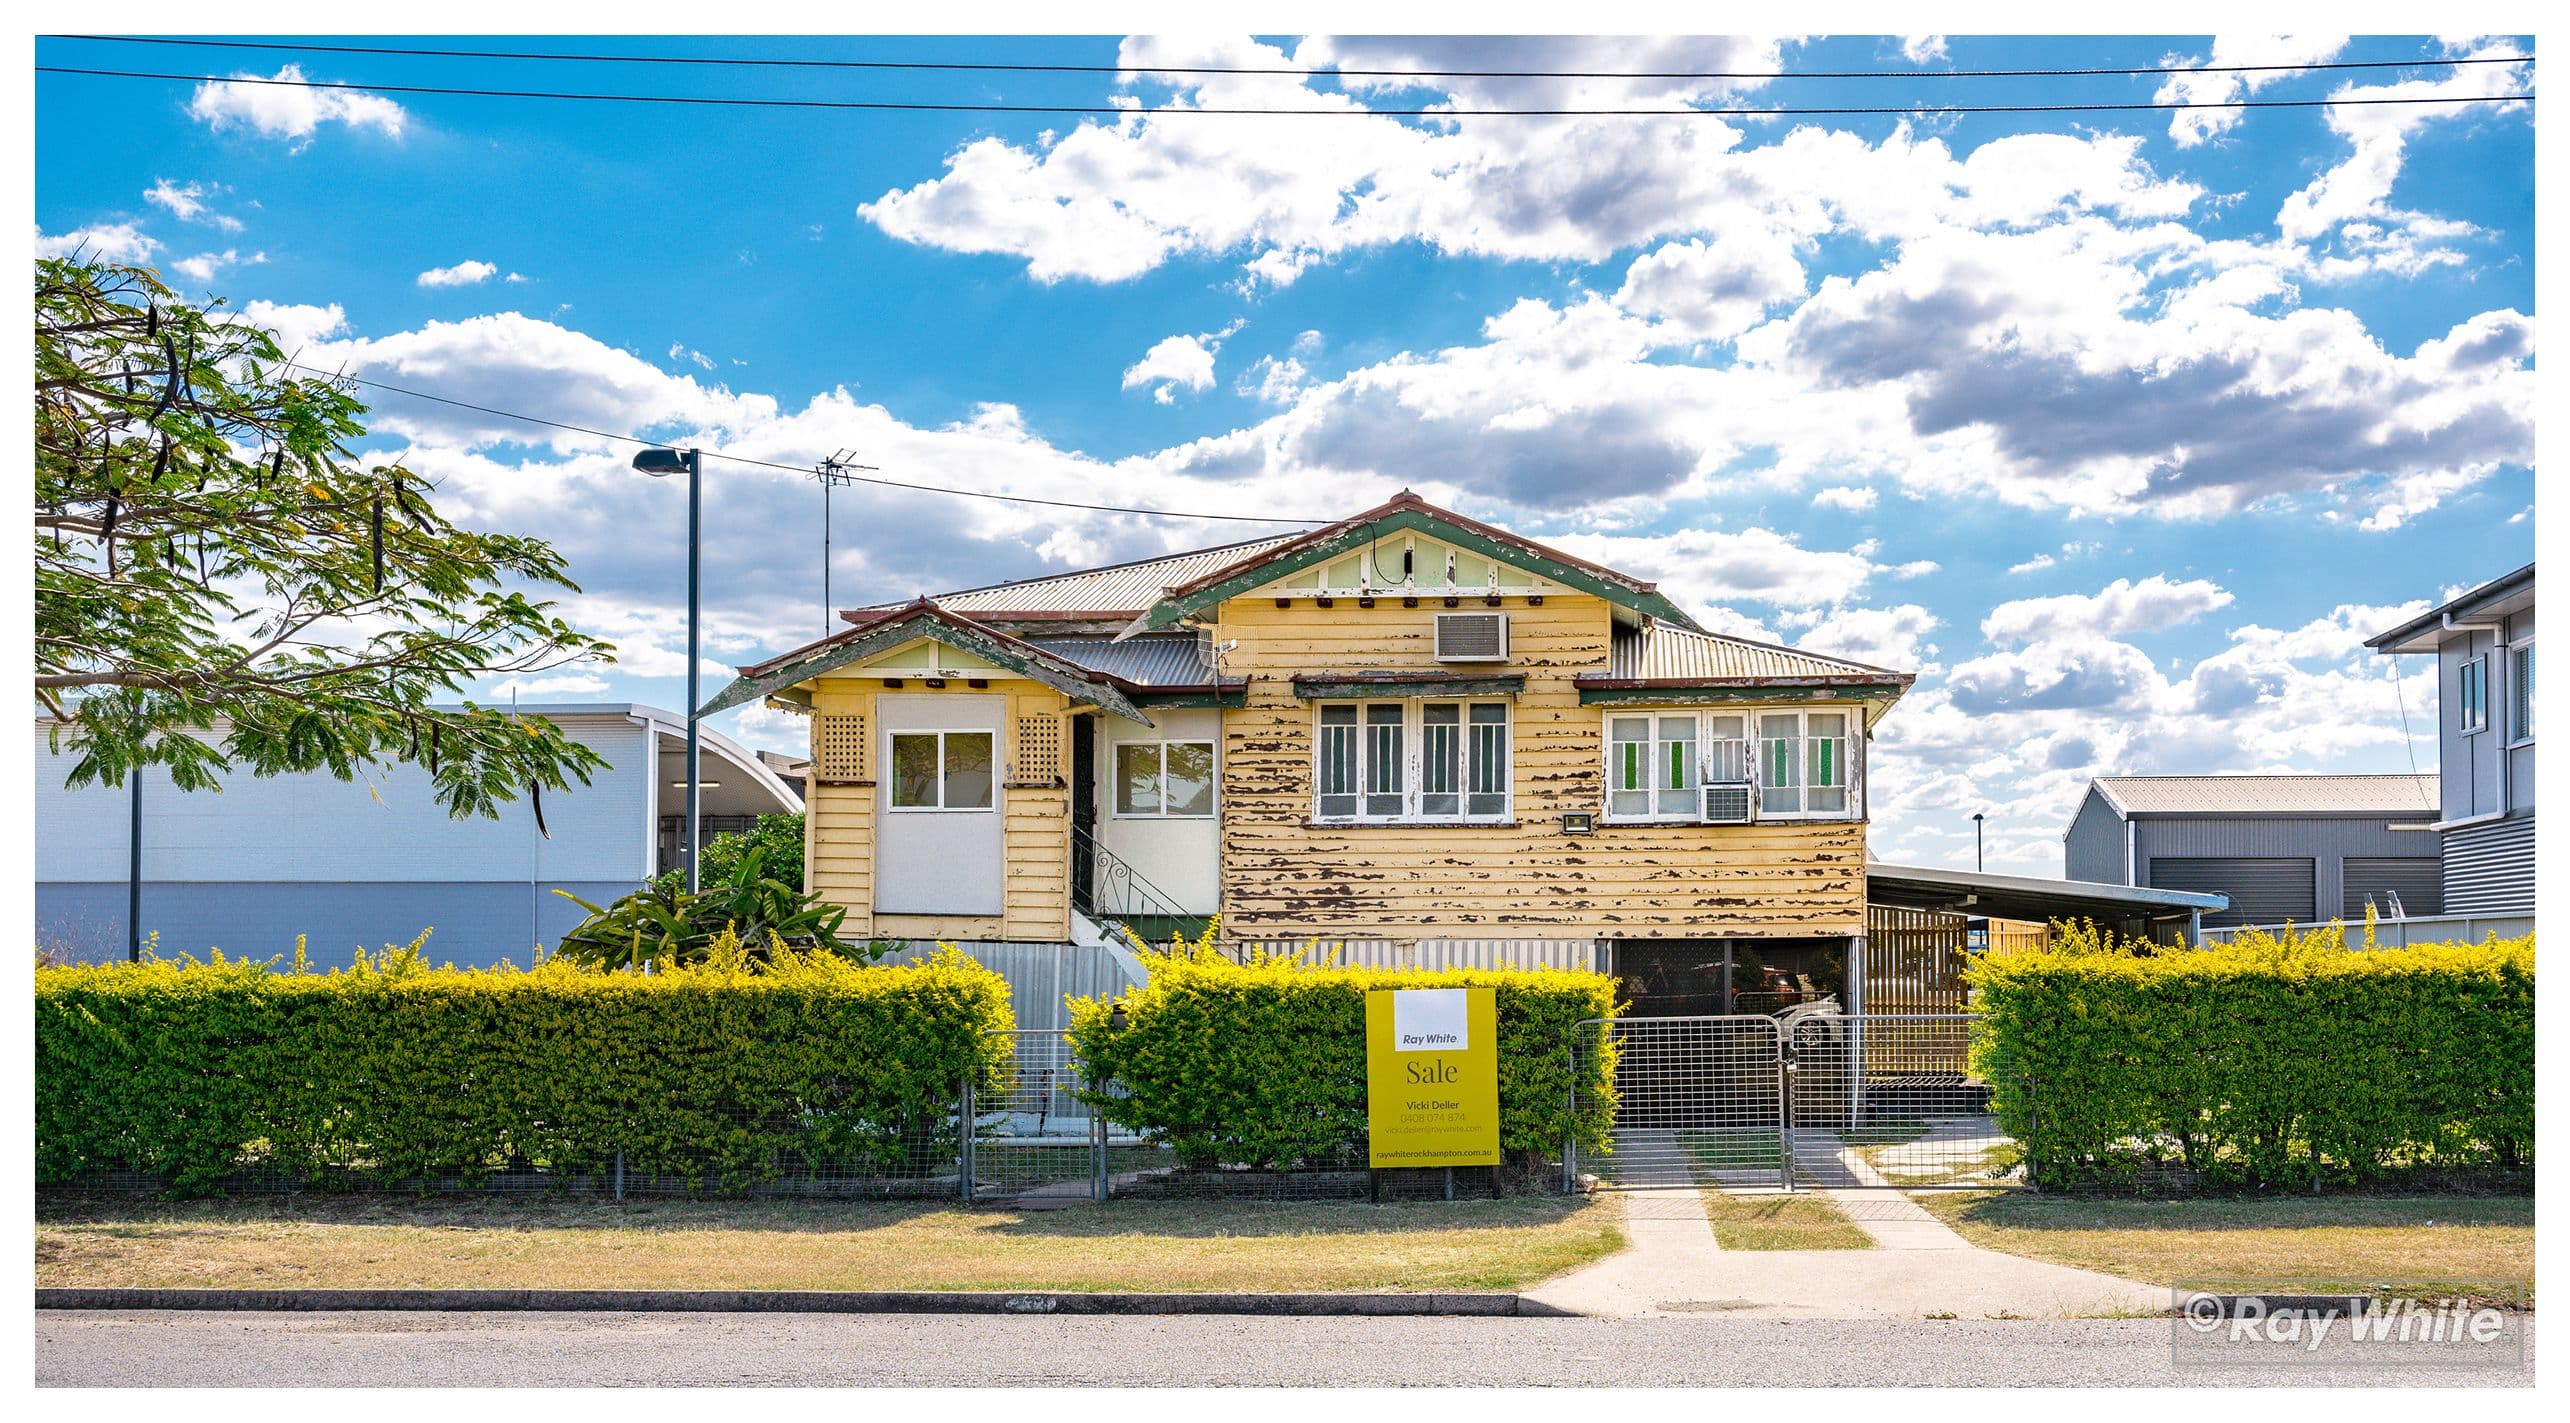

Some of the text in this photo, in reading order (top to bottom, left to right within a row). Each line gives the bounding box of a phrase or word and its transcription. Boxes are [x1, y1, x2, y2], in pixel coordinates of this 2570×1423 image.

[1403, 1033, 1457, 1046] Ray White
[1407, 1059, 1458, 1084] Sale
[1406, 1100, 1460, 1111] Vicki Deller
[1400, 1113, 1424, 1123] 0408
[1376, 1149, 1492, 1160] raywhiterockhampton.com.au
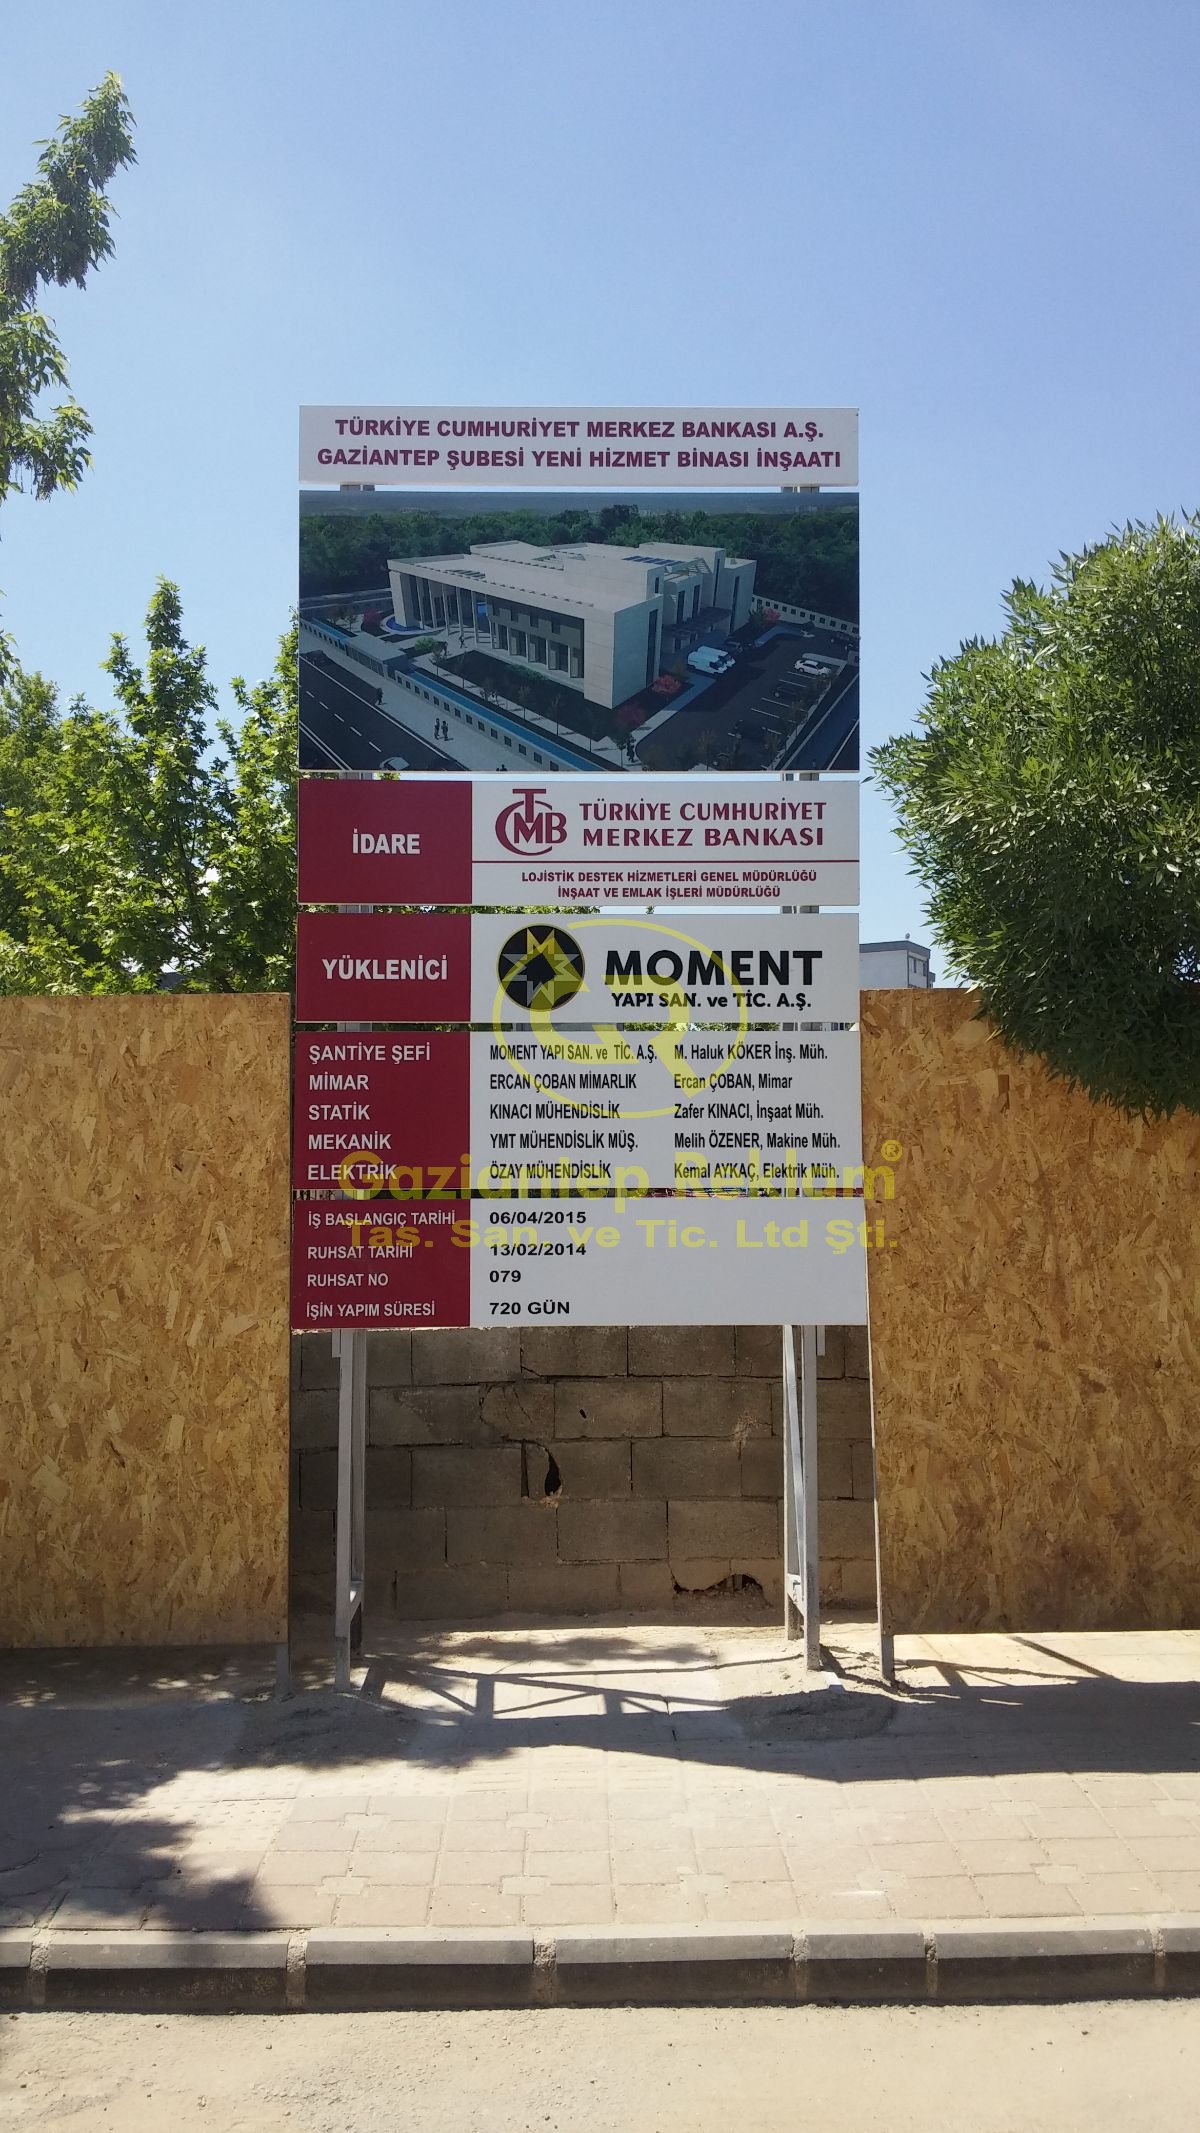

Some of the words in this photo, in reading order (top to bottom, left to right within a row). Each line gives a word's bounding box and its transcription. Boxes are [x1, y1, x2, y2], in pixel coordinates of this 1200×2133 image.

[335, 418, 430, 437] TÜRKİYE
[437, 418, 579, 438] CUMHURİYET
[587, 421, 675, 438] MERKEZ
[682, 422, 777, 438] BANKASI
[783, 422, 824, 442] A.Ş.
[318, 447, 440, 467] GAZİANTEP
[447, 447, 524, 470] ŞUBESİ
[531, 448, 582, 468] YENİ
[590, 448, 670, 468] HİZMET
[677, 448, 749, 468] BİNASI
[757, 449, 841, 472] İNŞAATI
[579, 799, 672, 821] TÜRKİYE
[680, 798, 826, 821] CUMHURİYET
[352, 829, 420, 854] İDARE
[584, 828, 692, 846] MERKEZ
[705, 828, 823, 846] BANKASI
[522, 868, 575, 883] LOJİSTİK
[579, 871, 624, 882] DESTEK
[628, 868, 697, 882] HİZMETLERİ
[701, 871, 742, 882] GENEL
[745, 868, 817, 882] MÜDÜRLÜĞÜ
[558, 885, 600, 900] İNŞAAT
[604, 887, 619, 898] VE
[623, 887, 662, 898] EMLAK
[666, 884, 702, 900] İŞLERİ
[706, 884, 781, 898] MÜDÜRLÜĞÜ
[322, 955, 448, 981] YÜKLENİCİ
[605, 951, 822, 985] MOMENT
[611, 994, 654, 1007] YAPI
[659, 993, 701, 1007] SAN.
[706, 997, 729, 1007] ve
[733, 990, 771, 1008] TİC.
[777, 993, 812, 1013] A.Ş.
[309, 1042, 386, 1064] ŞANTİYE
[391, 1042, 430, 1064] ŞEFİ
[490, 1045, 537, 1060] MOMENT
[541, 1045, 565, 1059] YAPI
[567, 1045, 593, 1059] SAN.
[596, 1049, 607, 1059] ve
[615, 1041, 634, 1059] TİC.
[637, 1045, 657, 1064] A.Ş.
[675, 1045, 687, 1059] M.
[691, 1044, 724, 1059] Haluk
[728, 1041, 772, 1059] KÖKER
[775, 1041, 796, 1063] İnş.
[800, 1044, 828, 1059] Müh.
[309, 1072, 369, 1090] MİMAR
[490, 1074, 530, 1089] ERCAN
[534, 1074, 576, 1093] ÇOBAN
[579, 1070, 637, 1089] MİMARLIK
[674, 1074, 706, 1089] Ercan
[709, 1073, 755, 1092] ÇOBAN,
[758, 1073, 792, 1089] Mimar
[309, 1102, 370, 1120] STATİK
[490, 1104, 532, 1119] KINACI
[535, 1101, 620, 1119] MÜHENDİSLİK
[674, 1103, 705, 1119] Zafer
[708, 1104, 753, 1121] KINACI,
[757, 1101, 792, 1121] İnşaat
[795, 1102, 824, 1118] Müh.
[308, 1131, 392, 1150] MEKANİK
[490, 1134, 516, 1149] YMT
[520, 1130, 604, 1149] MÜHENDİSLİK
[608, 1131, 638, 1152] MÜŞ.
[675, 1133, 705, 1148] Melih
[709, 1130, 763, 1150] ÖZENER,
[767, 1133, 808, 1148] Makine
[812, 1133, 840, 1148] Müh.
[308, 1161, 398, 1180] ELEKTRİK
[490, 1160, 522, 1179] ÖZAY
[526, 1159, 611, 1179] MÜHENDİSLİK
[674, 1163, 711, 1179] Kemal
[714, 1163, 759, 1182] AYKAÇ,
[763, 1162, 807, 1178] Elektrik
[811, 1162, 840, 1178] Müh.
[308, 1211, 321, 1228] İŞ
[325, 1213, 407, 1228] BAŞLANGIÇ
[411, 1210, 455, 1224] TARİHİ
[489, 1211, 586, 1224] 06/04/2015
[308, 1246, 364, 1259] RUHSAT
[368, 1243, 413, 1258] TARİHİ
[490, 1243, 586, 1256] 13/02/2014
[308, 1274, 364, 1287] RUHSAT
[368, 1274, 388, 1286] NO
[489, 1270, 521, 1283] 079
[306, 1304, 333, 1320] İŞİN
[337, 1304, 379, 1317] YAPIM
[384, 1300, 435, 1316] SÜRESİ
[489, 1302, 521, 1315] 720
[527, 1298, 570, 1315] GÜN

★ ★ ★ ★

Using the listing, copy every line where the word "RUHSAT" shows up.

* EXERCISE ANSWER *
[308, 1246, 364, 1259] RUHSAT
[308, 1274, 364, 1287] RUHSAT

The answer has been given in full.